The meeting with the local vendor still did not provide an explanation of why there were charges in states in which the recruiters were not present. The auditors suspected that other vendors had accepted the coaches' credit card numbers from the same individuals, but it was not cost-effective to contact and interview these vendors because of the value of the purchases processed through these locations. There was also no evidence to indicate that the cardholders had "approved" the use of their card.
As a result of this and other audit findings, the university self-reported the violations to the appropriate officials and made significant changes in the management and control structures to prevent future problems. The university decided not to take legal action against the individuals involved in the irregularities or the service station owner because he cooperated with the investigation. The funds were never recovered, nor was restitution requested. Limiting business to the vendor was not possible because of the use of a credit card to pay for services. Generally, credit card companies are not willing to "suspend" vendors when they personally did not sustain a loss.
LESSONS LEARNED
* Whenever expenditures are reviewed for "reasonableness" and receipts are not verified against invoices, opportunity for irregularities to go unnoticed increases.
* It is not enough to agree receipts to invoices; a review of the appropriateness of the item purchased should also be performed.
* Auditors should follow up on the reasons for noncompliance with established policies. If the auditor had chosen to simply "write-up" the unit for failure to provide documentation, the irregularities may not have been identified.
* Administrative staff can often provide valuable information related to why irregularities are occurring and can provide clues as to whether or not controls to prevent or detect significant problems are being followed. They also can provide valuable information on the behavior of suspected perpetrators.

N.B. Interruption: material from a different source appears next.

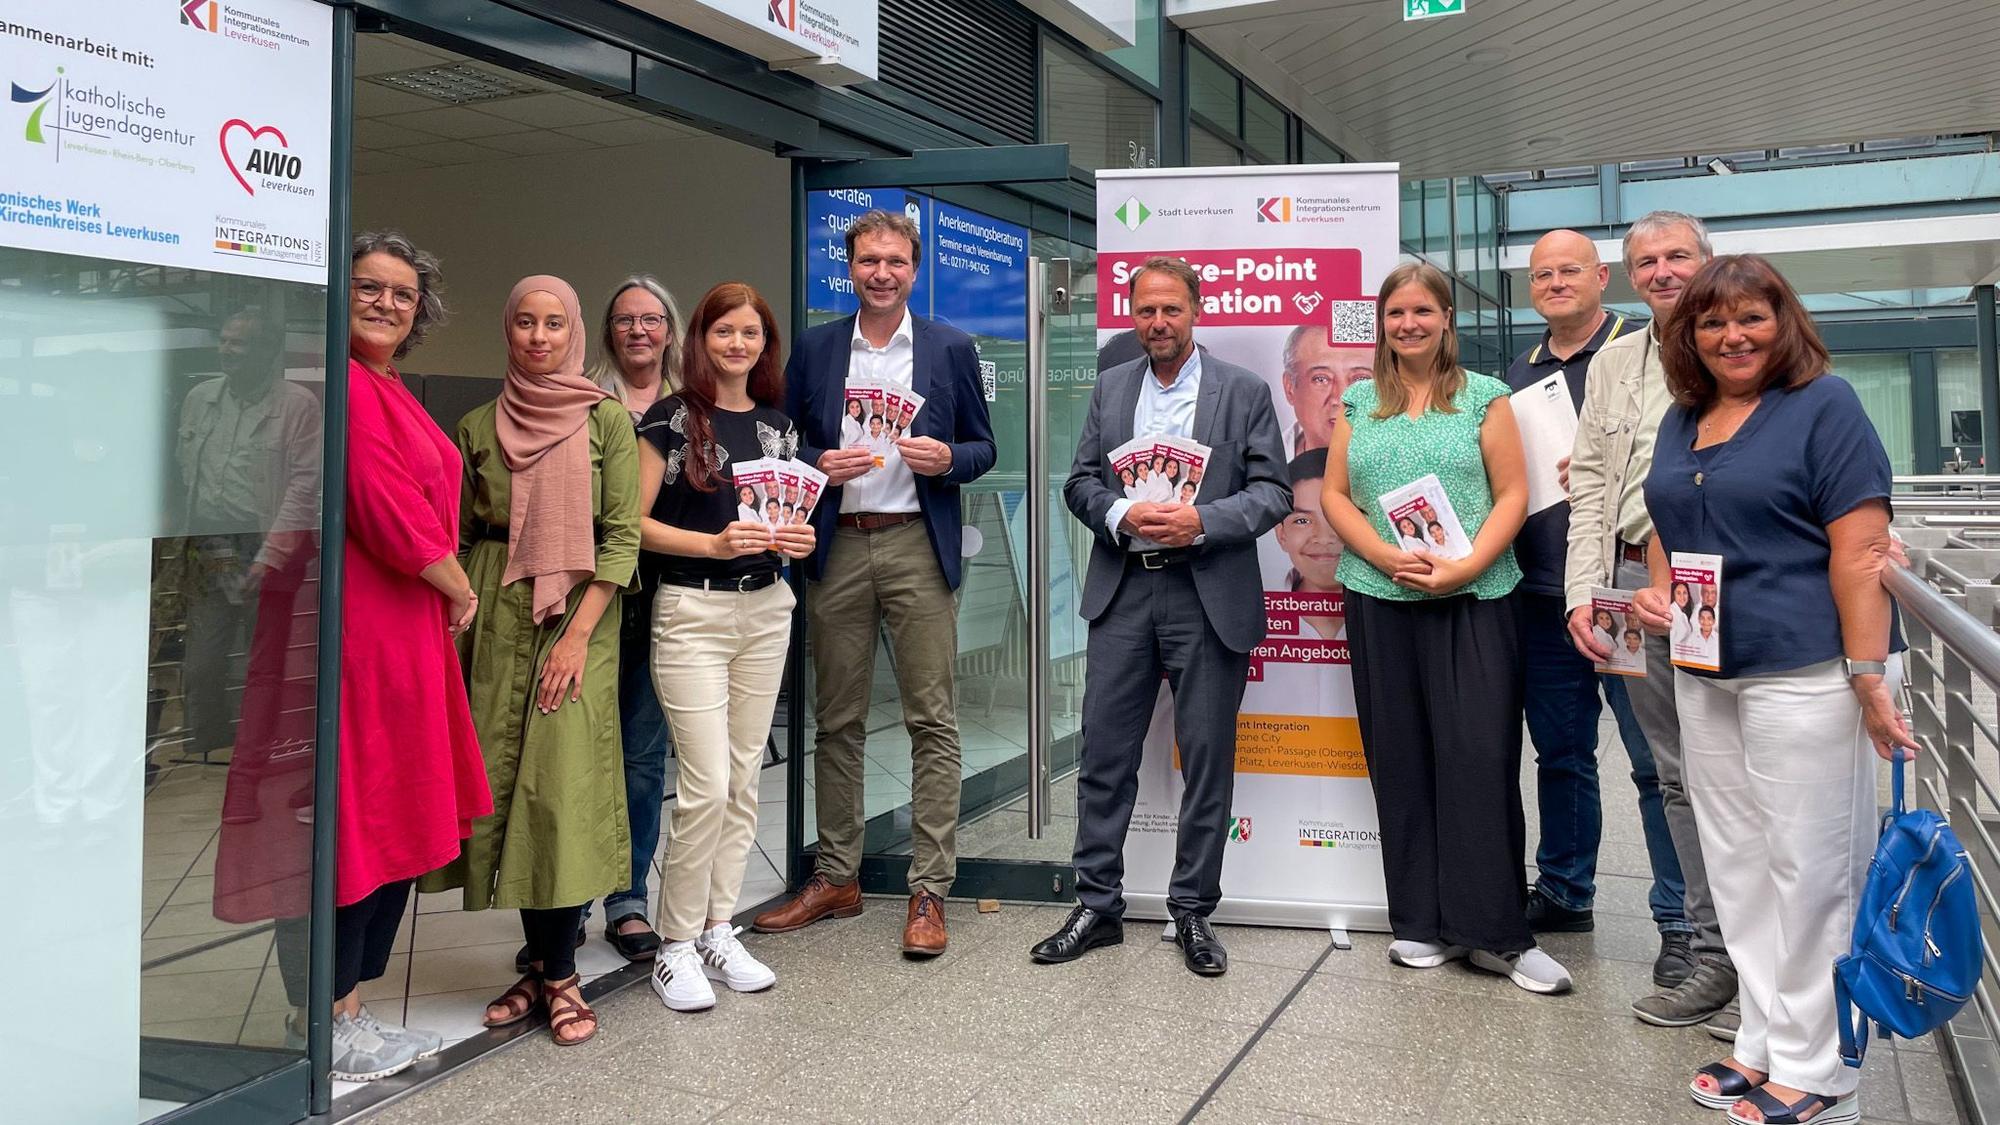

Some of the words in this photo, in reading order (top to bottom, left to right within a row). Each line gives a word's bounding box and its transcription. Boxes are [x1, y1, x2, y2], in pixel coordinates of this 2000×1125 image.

* Sometimes it is necessary to involve external parties in an investigation. It can be tempting to offer immunity to those interviewed but, in reality, auditors do not usually have the authority to grant such immunity. Executive management, general counsel, and internal security--or, in this case, campus police--should be involved in decisions to interview external parties suspected of irregularities. Agreeing not to refer to law enforcement can be a problem. In some situations, failure to report criminal acts to appropriate authorities may be a criminal act itself, exposing decision makers to prosecution.
* If immunity is granted to an external vendor, it is still wise to remove that vendor from the approved vendor list. The vendor's participation in the fraud may have a negative effect on the university's liability insurance if the university fails to take reasonable precautions to prevent future irregularities. In addition, allowing the vendor to continue in serve the institution would scud an inappropriate message to other local vendors.
* Decisions to report to law enforcement or seek prosecution of employees and vendors are usually not vested in the audit staff. Auditors must be willing to accept that success may be limited to "breaking up the party" in those instances where management chooses not to pursue the case.
* A post-mortem review of policies and procedures that may have contributed to the irregularities is a critical part of the auditor's job, as it helps to ensure that future risks to the organization are minimized.